The administration and prescribing of potassium chloride in adult patients at the
Bowral & District Hospital will comply with the Sydney South West Area Health
Service Guidelines and the NSW Health Department Policy Directive for
intravenous potassium chloride.
3. Principles / Guidelines
Prescribing
Intravenous potassium chloride will only be prescribed when the oral route
is unavailable or clinically inappropriate.
Intravenous potassium chloride must be prescribed in millimoles (mmol) of
potassium and must specify the dose, route, dilution and volume. The rate
of administration should also be prescribed and expressed as millilitres per
hour (mL/h). Prescriptions will be considered incomplete if any one of these
elements is omitted.

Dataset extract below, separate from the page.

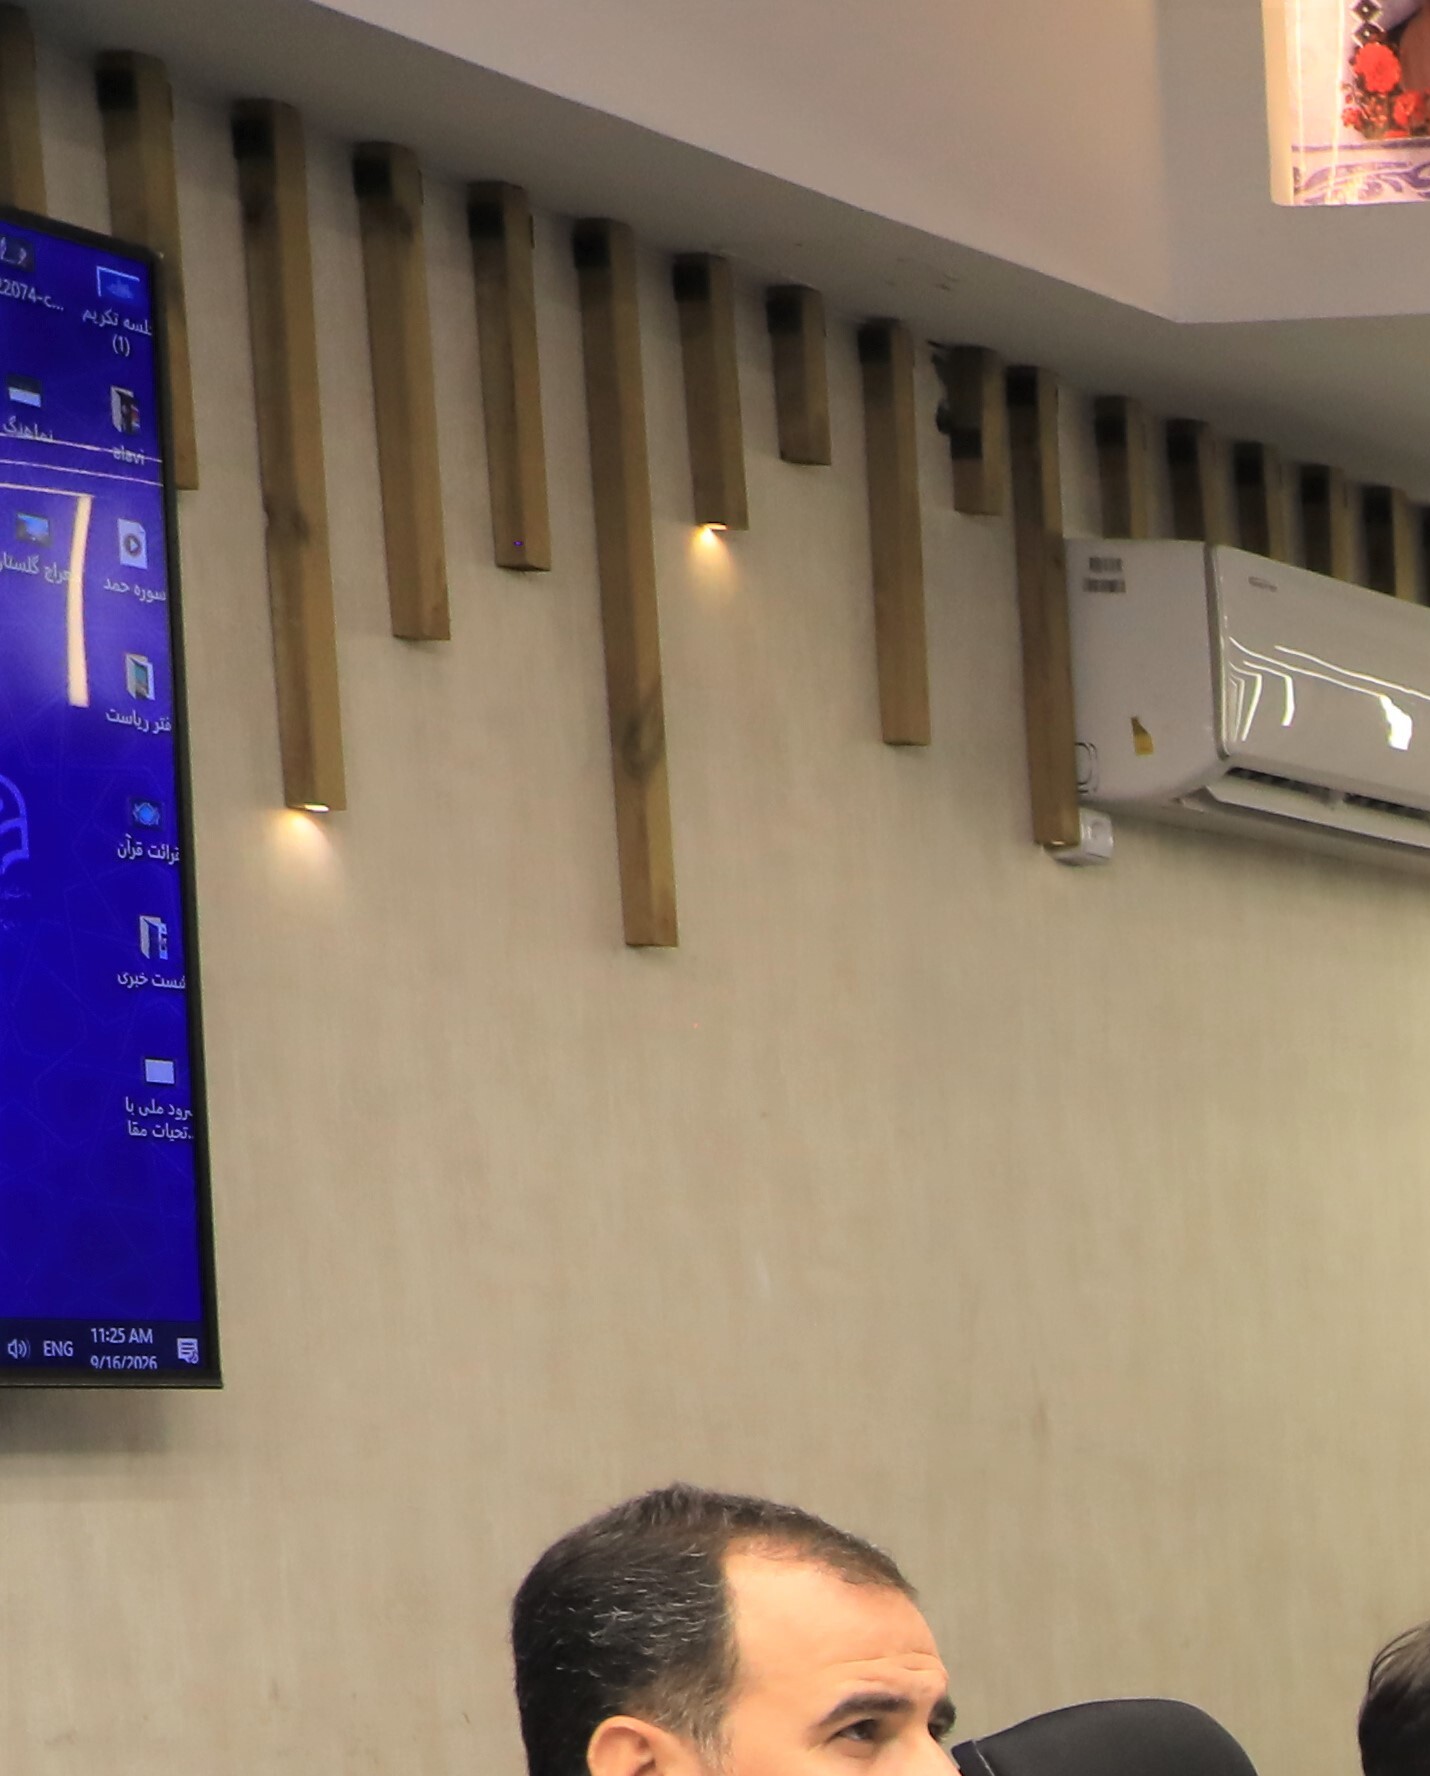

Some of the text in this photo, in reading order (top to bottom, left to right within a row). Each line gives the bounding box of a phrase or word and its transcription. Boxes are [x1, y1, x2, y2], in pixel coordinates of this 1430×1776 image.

Incomplete prescriptions must be corrected before
administration.
Potassium salts MUST NEVER be prescribed or given intramuscularly
or as an intravenous push (bolus).
Standard premixed potassium concentrations are to be prescribed
whenever possible in all areas of the hospital.
The treating specialist is able to approve the prescription of non-standard
potassium chloride solutions.
Solution Preparation
Preparation of infusions using potassium chloride ampoules:
Potassium chloride ampoules are concentrated and must be diluted
before use.
Flasks must only be loaded by registered nurses and in accordance with
the intravenous administration therapy and intravenous medication policies.
Loaded flasks and administration lines must be labelled.
Potassium chloride ampoules must never be added to a hanging bag.
The solution must be inverted ten times to ensure potassium chloride is
thoroughly mixed throughout the solution as unshaken bags are prone to
layering of added concentrate and are extremely dangerous.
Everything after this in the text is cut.